Working With Iron-On Vinyl
When you’re cutting iron-on vinyl, there are some pretty big differences. In fact, you should treat HTV like a whole new material (even though it’s still vinyl). You’ll also need a heat press to transfer your designs to your project surface. Cricut sells its own heat presses, including one specifically made for ceramic mugs.
Cutting Cricut Iron-On Vinyl
You’ll want to follow the same basic cutting steps for adhesive vinyl with the following changes.
- When you place your vinyl on the mat, you should place it adhesive side up, color side on the mat.
- In Cricut Design Space, when you are in the prepare screen, make sure you select “mirror.” This will cut the vinyl properly, so ,it’ll come out in the right direction when you heat transfer the design.
- Set your cut settings to do a kiss cut. This will cut through the vinyl and the carrier sheet. No weeding is necessary.
Weeding Iron-On Vinyl
Keep the backing on your iron-on vinyl if you decide to do a traditional cut (not a kiss cut). You’ll need to weed it like you do your adhesive vinyl.
Besides eliminating the need to weed, the benefits of a kiss cut are that you can gift iron ons as you would patches. Or, you can make in bulk to apply on an as-need basis.
Transferring Cricut Iron-On Vinyl (HTV)
Depending on the type of iron-on vinyl you’re using, you’ll need to adjust the settings of your heat press. Cricut has a complete guide on their website to help you figure out which setting is the best for what you’re using.
Essentially, the process is the same, even if the settings aren’t.
- Preheat your project material with your iron or press for about 5-10 seconds. This will help the adhesive adhere to the material.
- Position your iron-on vinyl shiny side down on the fabric. Have the plastic backing facing up towards you (this is why we mirrored the design).
- Place a protective sheet or thin piece of fabric over your design to ensure it doesn’t get too hot when pressing it.
- You’ll then apply the heat press for a prescribed amount of time. Turn your material over and press from the back for the same time.
- Once complete, peel away the plastic sheet on your iron-on vinyl. If it doesn’t stick, reapply the heat press.

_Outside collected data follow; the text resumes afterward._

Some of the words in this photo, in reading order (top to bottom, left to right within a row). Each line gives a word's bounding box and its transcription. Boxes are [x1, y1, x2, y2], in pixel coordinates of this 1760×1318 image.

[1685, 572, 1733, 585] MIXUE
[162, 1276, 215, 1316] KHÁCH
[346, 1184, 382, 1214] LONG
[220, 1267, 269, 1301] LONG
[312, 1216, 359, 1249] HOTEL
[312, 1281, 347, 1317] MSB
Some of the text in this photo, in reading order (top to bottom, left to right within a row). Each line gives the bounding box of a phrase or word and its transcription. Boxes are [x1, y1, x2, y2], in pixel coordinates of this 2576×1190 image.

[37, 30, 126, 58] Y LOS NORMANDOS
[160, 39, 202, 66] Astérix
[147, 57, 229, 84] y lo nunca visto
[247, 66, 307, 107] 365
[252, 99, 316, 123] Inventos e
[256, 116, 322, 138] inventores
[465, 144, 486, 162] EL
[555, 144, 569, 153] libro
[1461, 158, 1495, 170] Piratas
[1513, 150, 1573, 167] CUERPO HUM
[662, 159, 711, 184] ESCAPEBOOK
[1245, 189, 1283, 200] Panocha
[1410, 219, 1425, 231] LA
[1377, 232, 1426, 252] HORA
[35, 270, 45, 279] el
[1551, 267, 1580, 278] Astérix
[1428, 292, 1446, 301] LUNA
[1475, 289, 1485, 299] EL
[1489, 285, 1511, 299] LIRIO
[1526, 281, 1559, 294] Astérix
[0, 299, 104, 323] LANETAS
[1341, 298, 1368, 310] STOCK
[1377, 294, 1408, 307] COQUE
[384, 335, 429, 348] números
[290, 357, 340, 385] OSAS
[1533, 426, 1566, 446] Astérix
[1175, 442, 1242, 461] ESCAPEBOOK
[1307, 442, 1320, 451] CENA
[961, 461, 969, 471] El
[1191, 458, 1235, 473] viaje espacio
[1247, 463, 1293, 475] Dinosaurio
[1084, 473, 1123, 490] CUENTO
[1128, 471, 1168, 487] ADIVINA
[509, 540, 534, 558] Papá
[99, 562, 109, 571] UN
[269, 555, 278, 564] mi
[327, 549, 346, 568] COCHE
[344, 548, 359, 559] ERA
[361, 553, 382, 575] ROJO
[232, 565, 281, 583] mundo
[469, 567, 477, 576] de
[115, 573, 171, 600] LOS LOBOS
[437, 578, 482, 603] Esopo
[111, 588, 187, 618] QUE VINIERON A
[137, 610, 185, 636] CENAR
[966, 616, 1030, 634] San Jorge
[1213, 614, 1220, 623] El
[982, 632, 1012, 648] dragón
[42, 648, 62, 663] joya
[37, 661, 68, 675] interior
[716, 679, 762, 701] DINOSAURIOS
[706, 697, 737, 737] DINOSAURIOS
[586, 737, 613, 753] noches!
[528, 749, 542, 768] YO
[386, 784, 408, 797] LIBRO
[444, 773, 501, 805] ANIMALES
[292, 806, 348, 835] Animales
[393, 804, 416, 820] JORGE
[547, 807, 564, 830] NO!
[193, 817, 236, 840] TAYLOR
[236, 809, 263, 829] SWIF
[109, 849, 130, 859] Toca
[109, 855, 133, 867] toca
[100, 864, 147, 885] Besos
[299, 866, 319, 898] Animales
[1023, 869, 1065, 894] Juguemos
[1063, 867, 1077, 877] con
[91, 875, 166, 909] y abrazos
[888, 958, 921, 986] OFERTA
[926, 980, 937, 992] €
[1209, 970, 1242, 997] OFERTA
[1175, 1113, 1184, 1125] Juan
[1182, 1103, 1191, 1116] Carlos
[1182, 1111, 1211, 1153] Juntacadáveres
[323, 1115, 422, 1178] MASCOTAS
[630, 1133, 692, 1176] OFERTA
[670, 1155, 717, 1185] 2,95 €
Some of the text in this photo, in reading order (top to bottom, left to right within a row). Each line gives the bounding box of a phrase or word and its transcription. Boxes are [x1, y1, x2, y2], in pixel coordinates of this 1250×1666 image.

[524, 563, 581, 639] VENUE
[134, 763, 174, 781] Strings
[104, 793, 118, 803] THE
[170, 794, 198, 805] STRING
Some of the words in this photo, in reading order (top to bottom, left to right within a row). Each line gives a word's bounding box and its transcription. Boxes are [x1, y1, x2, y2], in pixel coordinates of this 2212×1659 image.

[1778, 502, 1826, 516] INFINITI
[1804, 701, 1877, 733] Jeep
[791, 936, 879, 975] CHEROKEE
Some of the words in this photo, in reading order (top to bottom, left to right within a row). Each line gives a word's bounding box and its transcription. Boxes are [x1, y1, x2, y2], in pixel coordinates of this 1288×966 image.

- Some Cricut iron-on material will require either a cold peel or warm peel. A cold peel means you need to wait for the design to cool down entirely. A warm peel means you can peel away the plastic while the design is warm (not hot) to the touch. Not following the cold/warm peel instructions could result in a poor transfer.
Working with Glitter Vinyl
Glitter vinyl is a lot of fun to use but also has its challenges. The actual cut and design process remains the same, but your technique will need to adapt. Because the material is thicker than most of your other vinyl options, you’ll need to use the Cricut strong grip transfer tape and the Cricut strong grip mat. You’ll also need to work slowly and deliberately, possibly cut twice if using the fine point blade, and have patience–it can be a learning curve.
The Wonderful World of Vinyl
So what kind of vinyl is at a Cricut user’s disposal, you ask? Here’s an (almost) complete list:
- Cricut Premium Removable Vinyl (55 colors)
- Cricut Premium Permanent Vinyl (47 colors)
- Cricut Glitter Vinyl
- Cricut Holographic Sparkle Vinyl
- Cricut Metallic Vinyl
- Cricut 3D Textured Vinyl
- Cricut Patterned Vinyl
- Cricut Shimmer Vinyl
- Cricut Frosted Vinyl
- Cricut True Brushed Vinyl
- Cricut Mosaic Vinyl
- Cricut Metallic Vinyl
Your iron-on options include:
- Stretch (great for athleticwear)
- Printable (you would use the print and cut technique for this one)
Cricut comes out with new material options every so often, so definitely keep an eye out for new products.
Working with Cricut vinyl is par for the course with the machine, so make sure you’re set up in advance for vinyl products. Believe me. You won’t be taking up space with unnecessary investments–these are simply tools of the trade.